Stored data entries
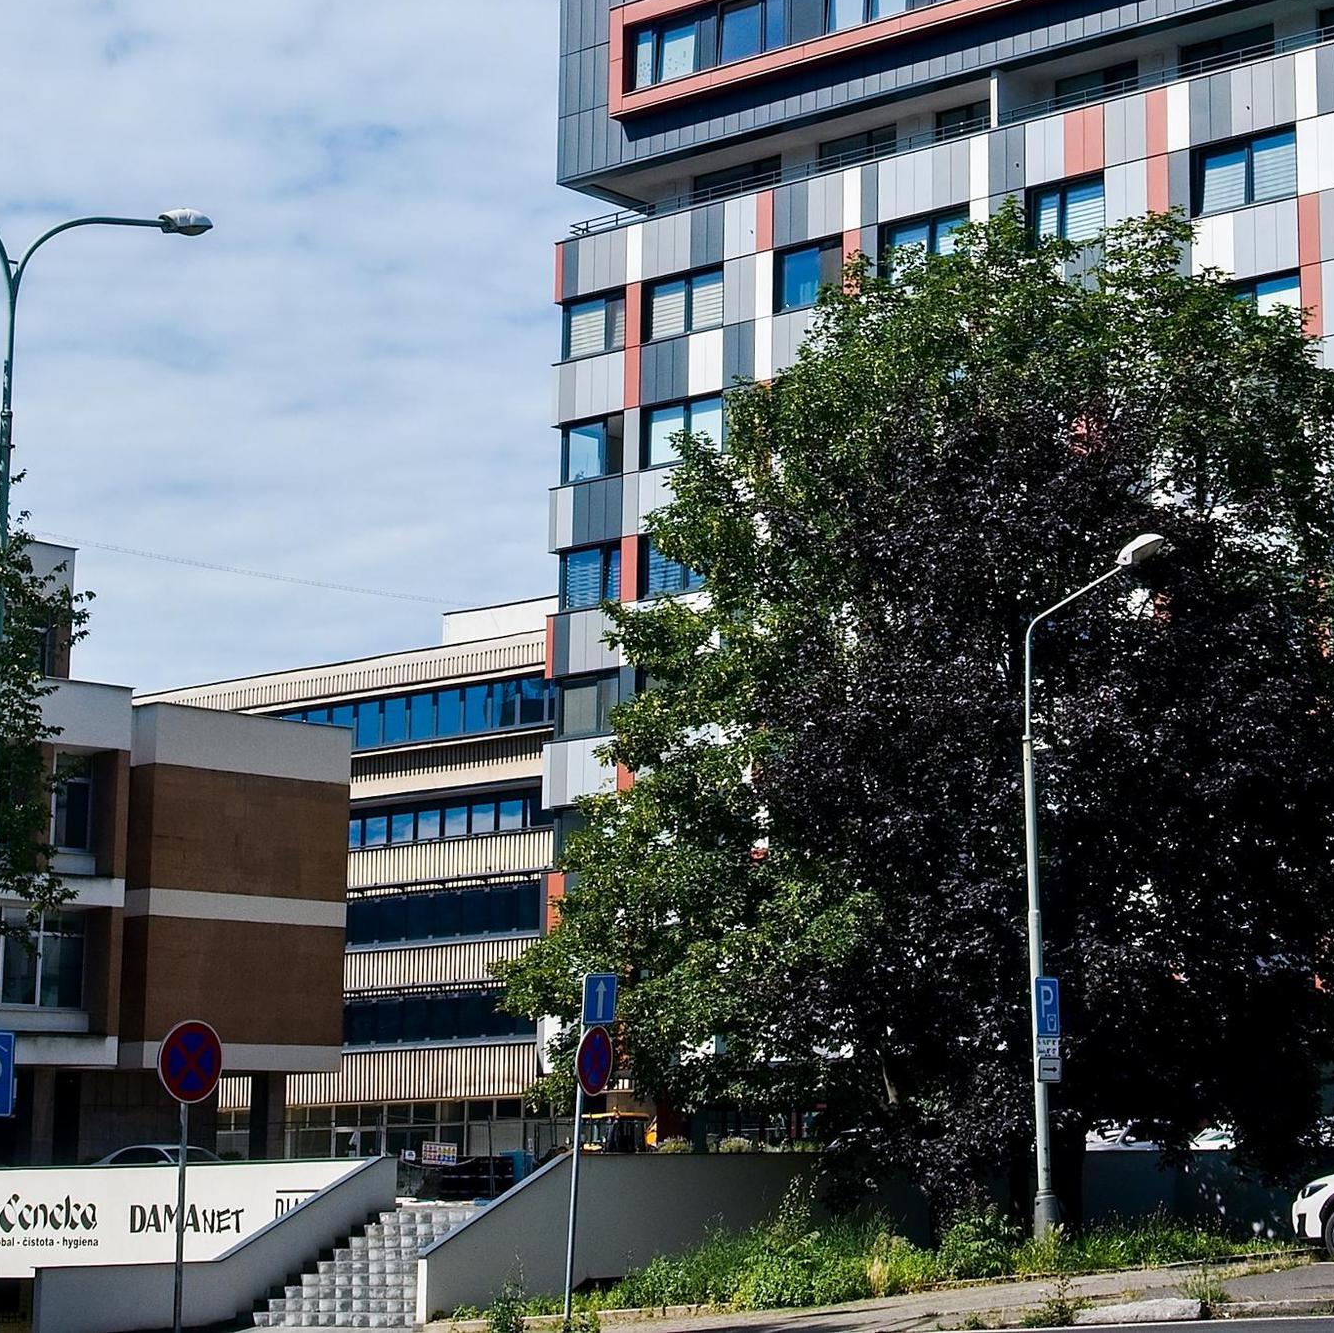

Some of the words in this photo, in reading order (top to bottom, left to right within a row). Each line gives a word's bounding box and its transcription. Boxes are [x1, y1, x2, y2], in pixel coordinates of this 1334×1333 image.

[1040, 985, 1054, 1019] P
[129, 1204, 245, 1234] DAMANET
[22, 1236, 55, 1247] čistota
[62, 1236, 99, 1249] hygiena

Task prompt >> Repeat each entry precisely as it appears. Leave the pictures out.

Reply >>
Some of the words in this photo, in reading order (top to bottom, left to right within a row). Each line gives a word's bounding box and its transcription. Boxes are [x1, y1, x2, y2], in pixel coordinates of this 1334×1333 image.

[1040, 985, 1054, 1019] P
[129, 1204, 245, 1234] DAMANET
[22, 1236, 55, 1247] čistota
[62, 1236, 99, 1249] hygiena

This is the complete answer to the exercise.